Her mother looked at her with something like pity in her eyes. “At Christmastime! He’s gone off to see this girl at Christmas?”
“That’s not important to him! He’s not interested in Christmas,” she said scornfully, which is exactly how and what her husband had said to her when she expressed the same sentiments. She added, as he had too, “Truly, I believe he loves me.”
“I don’t understand how you can call that love! How can you hurt someone you love!” her mother said impatiently.
“But he doesn’t want to hurt me. He can’t help what has happened. He just fell irresistibly in love with this girl.”
“Magically? With the wave of a wand?” her mother asked with a sneer.
“And he’s such an extraordinary man. Such a good writer! He’s taught me so much about so many things! I’ve read so many books because of him: Camus, Balzac, and Flaubert—all the wonderful French writers. I see the world in an entirely different way because of him. And he’s so charming, so intelligent, such a good listener, so much fun! . . .”
“There’s a time to cut your losses. If you miss one bus, jump on the next, I always say,” her mother said impatiently, and then got up and poured herself a gin and tonic.
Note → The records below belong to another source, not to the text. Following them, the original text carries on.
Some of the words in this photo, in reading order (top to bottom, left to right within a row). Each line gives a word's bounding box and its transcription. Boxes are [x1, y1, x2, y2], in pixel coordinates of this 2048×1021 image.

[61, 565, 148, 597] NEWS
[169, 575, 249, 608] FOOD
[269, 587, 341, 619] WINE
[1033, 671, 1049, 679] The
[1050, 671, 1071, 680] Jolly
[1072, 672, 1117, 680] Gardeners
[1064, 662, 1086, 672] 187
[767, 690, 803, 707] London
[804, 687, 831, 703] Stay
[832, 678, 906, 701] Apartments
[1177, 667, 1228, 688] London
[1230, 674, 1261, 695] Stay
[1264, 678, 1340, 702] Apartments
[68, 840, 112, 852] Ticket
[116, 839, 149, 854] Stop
“Come, I will take you to him,” the Magic Man says, talking in the flat way people talk in this country. And it seems quite right to her that she would meet the Magic Man out here in this wonderfully sunny place, which is both strange and familiar to her, with all the bright flowers and the brilliant blue sky and the sun. The sun is making her feel a little dizzy, and her head spins, so she lets the Magic Man take her hand, and she follows him through the trees going toward the changing huts, though she wonders why his little boy would have remained in the thatched-roofed changing rooms and is not by his side.
At the thought of it, Sandra decides she’d like something to drink herself and beckons to a waiter who is standing nearby. He comes over to her now, walking fast across the lawn in a starched white uniform, which rustles as he moves. She says she would like a cup of tea, and some cool drinks for her little girls—and perhaps some cake and a few tea sandwiches? “We’ll have a little tea party, when S.P. gets back, shall we?” she asks the little ones, who look up at her and nod their heads enthusiastically. What a nice idea! To hell with her diet! And surely it is teatime? She looks at her watch and wonders where S.P. is.
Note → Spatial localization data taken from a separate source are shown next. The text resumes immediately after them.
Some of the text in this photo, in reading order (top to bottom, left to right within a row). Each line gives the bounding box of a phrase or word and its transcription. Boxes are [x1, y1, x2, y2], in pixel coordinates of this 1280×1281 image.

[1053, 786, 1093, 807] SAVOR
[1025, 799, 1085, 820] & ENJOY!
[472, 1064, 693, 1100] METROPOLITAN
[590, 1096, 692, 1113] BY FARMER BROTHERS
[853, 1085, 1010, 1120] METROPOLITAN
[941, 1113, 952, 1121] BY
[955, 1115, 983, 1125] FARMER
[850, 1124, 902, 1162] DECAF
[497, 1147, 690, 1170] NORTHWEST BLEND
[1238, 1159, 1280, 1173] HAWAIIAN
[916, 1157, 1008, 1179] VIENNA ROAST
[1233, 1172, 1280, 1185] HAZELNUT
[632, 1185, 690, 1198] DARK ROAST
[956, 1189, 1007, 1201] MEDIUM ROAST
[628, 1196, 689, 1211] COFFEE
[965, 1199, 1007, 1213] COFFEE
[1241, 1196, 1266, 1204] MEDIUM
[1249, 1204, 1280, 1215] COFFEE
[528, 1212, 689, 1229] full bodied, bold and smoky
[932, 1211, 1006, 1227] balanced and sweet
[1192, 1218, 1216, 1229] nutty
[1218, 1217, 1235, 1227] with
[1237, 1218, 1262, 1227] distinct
“Tea for three?” the waiter asks.
“No, actually for four,” she says. “I’m waiting for my eldest girl.” Then she asks the waiter if, by any chance, he has seen her little girl, a barefoot eight-year-old in a pink bikini. She went to the bathroom a while ago, but surely she should be back by now?
The African waiter shakes his head gravely and says he has not seen her. He suggests the mother might want to look for her little girl. He warns her, “A lot of skelms around here, madam,” using the local word for a bad man.
“Surely not, in this lovely place, this beautiful hotel?” the mother says, alarmed, and lifts her hands in the air, looking up at the waiter, who shakes his head and clucks his tongue doubtfully at her words. She thinks of her sister’s bitter words about this country and her surgeon husband, and she does wonder why it is taking S.P. so long to come back. Is it possible that she might, after all, have got lost? She decides to take the waiter’s advice. She asks the nice waiter if he would mind watching her baby girl and Alice for a minute while she goes to find her eldest.
“Not at all, madam,” he says, and sits down in the grass close beside her little ones.
The Magic Man has her by the hand and is leading her toward one of the changing huts, the one for men. He tells her to wait a moment, and he goes inside first for some reason, perhaps to tell his little boy she is coming. She waits a minute, and then he beckons for her to follow him. Now she hesitates, but he smiles his mysterious, magical smile and raises his eyebrows and flashes his glittering blue eyes in a way that seems to suggest so many good things up ahead. So she goes in and looks around to find the little boy, who will be blond and blue-eyed like the Magic Man, she supposes.
“Can you see him?” the Magic Man says, as if it is a game or perhaps a task, as in the fairy tales, where something has to be accomplished before one wins the prize. She looks carefully at the wooden benches and under the benches, at the whitewashed walls, and even up at the beams that line the conical thatched roof, where the little boy might have flown, after all. Perhaps he’s a Magic Boy too. But there is no little boy there, or not one she can see. There is only the quiet of the still, sunlit afternoon and a smell in the changing rooms of damp and wet and the Magic Man, who stands grinning at her.
The mother lumbers up the bank, sweating in the heat, looking around. Where on earth is S.P? The mother can feel the tears coming into her eyes. What has happened to her child?
She had so hoped somehow that returning home, being out here with her mother and her sister, would help her in her unhappiness, but she can see that nothing has changed at all. The mother looks around this beautiful garden and remembers the one where she and her sister had played as little girls with such freedom. She remembers that feeling of something, she realizes, that she has so sadly and dramatically lost: a sense of the infinite possibilities of things, the giddy belief in her own omnipotence.
She lifts her eyes to the beauty of the fine, fernlike leaves of the jacaranda tree and feels terribly alone. This whole trip out here without her husband has been a mistake. She has simply given him the freedom to be with his girl. What was she thinking? And now S.P. has mysteriously disappeared too.
“Where is your little boy?” she asks, and the Magic Man lifts his shoulders and his hands and opens his eyes wide with surprise. “Where on earth has he gone? The naughty boy! Well, let’s look in here,” he says, taking her by the hand and leading her toward one of the stalls in the bathroom. “But this is the men’s bathroom,” she says. “I’m not supposed to go in there,” S.P. says, drawing back.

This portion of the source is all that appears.